Serdecznie zapraszamy wszystkich studentów i doktorantów zainteresowanych teorią prawdopodobieństwa na cykl wykładów Probabilistic Analysis of Algorithms profesora Oleksandra Marynycha z Kijowskiego Uniwersytetu Narodowego im. Tarasa Szewczenki. Profesor Marynych jest uznanym specjalistą z zakresu losowych struktur rekurencyjnych.

Wykłady będą się odbywały od 24 maja do 23 czerwca w środy (14-16, sala B) oraz piątki (12-14, sala 601) w Instytucie Matematycznym Uniwersytetu Wrocławskiego.

Szczegółowy plan spotkań:
Środa, 24 maja, 14:15-16:00, sala B
Piątek, 26 maja, 12:15-14:00, sala 601
Środa, 7 czerwca, 12:15-14:00, sala 601
Piątek, 9 czerwca, 12:15-14:00, sala 601
Środa, 14 czerwca, 14:15-16:00, sala B
Piątek, 16 czerwca, 12:15-14:00, sala 601
Środa, 21 czerwca, 14:15-16:00, sala B
Piątek, 23 czerwca, 12:15-14:00, sala 601

Szczegółowy opis wykładu:

The classical analysis of algorithms is mainly concerned either with average or with extremal performance properties of computer algorithms. Assuming a random input, one usually asks, what is the average performance of an algorithm, or what is the worst (the best) performance? The probabilistic analysis of algorithms is a modern field lying in the intersection of probability theory and computer science that is used to analyze more delicate performance features of algorithms. Its methods and techniques allow one to answer questions like: what is the probability that the working time of an algorithm does not exceed a prescribed threshold? What is the confidence interval for the working time of an algorithm of a prescribed significance level?
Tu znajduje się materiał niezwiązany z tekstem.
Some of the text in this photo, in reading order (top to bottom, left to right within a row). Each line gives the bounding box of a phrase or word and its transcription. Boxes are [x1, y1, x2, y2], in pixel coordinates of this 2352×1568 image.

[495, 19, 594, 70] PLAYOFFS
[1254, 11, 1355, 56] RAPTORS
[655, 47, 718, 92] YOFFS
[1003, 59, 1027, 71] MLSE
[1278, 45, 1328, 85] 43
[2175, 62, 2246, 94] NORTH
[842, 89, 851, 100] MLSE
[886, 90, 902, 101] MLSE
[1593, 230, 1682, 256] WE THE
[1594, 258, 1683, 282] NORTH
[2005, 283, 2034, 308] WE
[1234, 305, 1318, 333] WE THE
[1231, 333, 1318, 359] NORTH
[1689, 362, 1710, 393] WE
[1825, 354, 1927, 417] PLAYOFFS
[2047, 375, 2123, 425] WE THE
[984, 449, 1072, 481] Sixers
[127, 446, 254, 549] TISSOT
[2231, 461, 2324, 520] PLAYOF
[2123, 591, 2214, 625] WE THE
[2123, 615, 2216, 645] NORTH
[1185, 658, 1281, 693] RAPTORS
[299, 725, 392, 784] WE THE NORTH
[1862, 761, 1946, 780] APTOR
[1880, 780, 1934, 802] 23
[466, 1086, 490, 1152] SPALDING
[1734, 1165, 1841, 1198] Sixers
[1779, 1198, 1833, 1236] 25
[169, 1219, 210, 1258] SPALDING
The aim of the course is to explain how to formulate and answer the above questions and why they are useful. During the course a student will become acquainted both with mathematical machinery used in the field, as well as with various applications, including probabilistic analysis of sorting algorithms, search algorithms, graph algorithms and general divide-and-conquer algorithms.

Syllabus:

Lecture 1: The classic Quicksort Algorithm: where has the probabilistic analysis of algorithms started from?

Lecture 2: Required mathematical toolbox: spaces of probability measures and probability metrics. The Banach fixed-point theorem for probability measures.

Lecture 3-4: Divide-and-conquer paradigm. Random linear recurrences and their examples: variations of Quicksort, random trees, and leader-election procedures.

Lecture 5-6: The contraction method for linear random recurrences with non-degenerate limit equations and examples.

Lecture 7-8: The contraction method for linear random recurrences with degenerate limit equations and examples.